Monday, February 21, 2011

State President KMyles full testimony on HB2197 - Public Defenders

Chairman Colloton, Vice Chairman Kinzer, and members of the Committee on Corrections and Juvenile Justice,

My name is Kevin Myles and I am the President of the Kansas State Conference of the NAACP, representing more than 2,000 registered voters throughout the State of Kansas.

We are offering our qualified support to House Bill 2197. Our support is qualified because while we firmly support the intent of this bill to protect and safeguard the rights of criminal defendants, we do not believe the language is quite comprehensive enough to achieve this goal.

The language is section 1, parts A and B both speak to the rights of the Public Defender to withdraw from a case when they feel their caseload would preclude them from providing an adequate defense.

We wholeheartedly support any effort to ensure that all criminal defendants are afforded competent and adequate representation. We are therefore supportive of the language in Section 1 parts A and B in so far as it allows Defense Attorney’s who are unable to provide such a defense t o remove themselves so that other less burdened attorney’s may do so.

But while the bill clearly delineates the rights of public defenders, we believe it does not adequately speak to or protect the constitutionally guaranteed rights of defendants. We want to see the system address the issue of unmanageable caseloads. But we do NOT want to create a situation wherein defendants could find themselves unable to obtain representation because the caseloads in a given public defender’s office were too high.

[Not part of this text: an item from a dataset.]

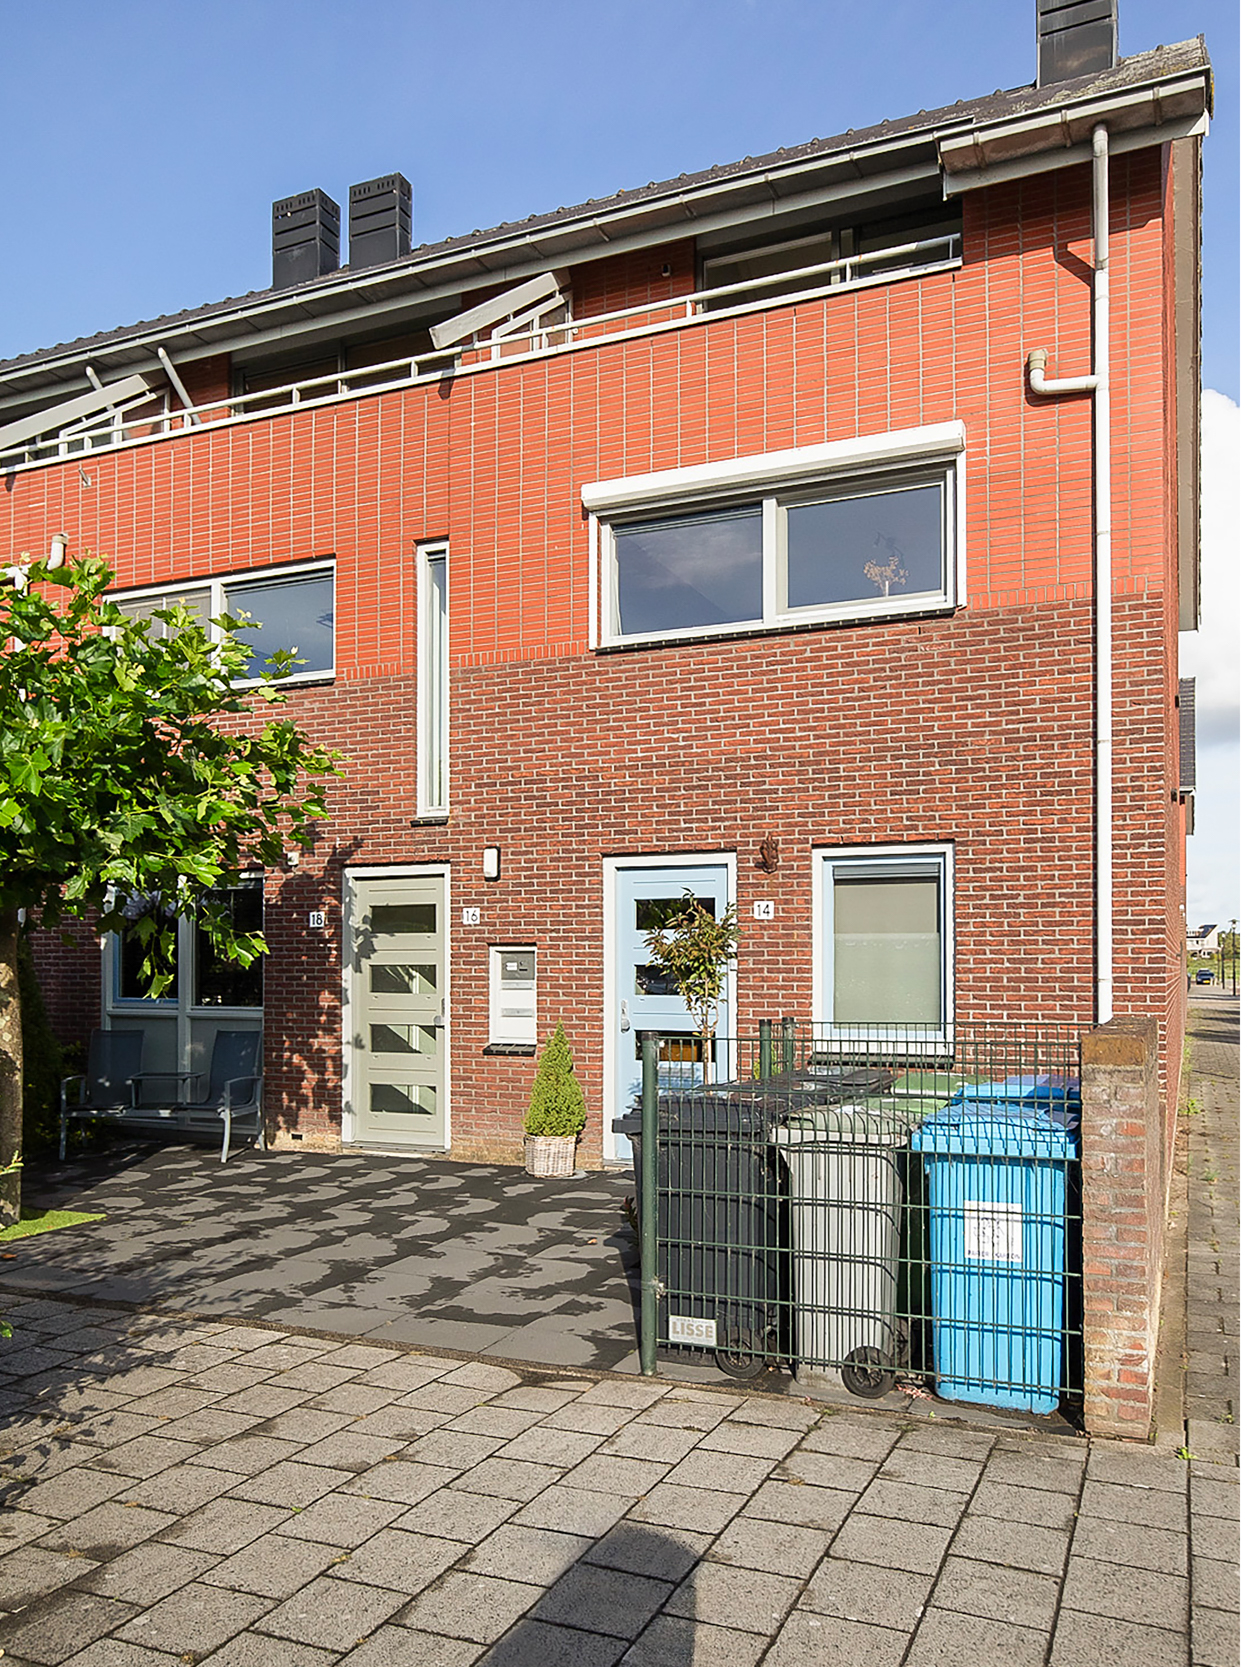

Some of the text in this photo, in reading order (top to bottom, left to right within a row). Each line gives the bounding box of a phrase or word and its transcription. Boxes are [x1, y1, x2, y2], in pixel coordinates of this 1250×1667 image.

The right to counsel is guaranteed to all citizens through the 6th amendment of the United States Constitution. But that right is diminished when Public Defenders are faced with large and unmanageable caseloads which prevent them from spending the necessary time it takes to provide an adequate defense. Allowing individual Defense Attorneys to remove themselves from a case solves only half of the problem. The larger and more pressing question is; How do we ensure that all defendants are allowed to exercise their right to counsel and to enjoy adequate representation when caseloads become excessive?

What we would ask of the Committee of Corrections and Juvenile Justice is that you amend this bill to strengthen the Public Defender and Indigent defense system by the provision of additional safeguards and resources.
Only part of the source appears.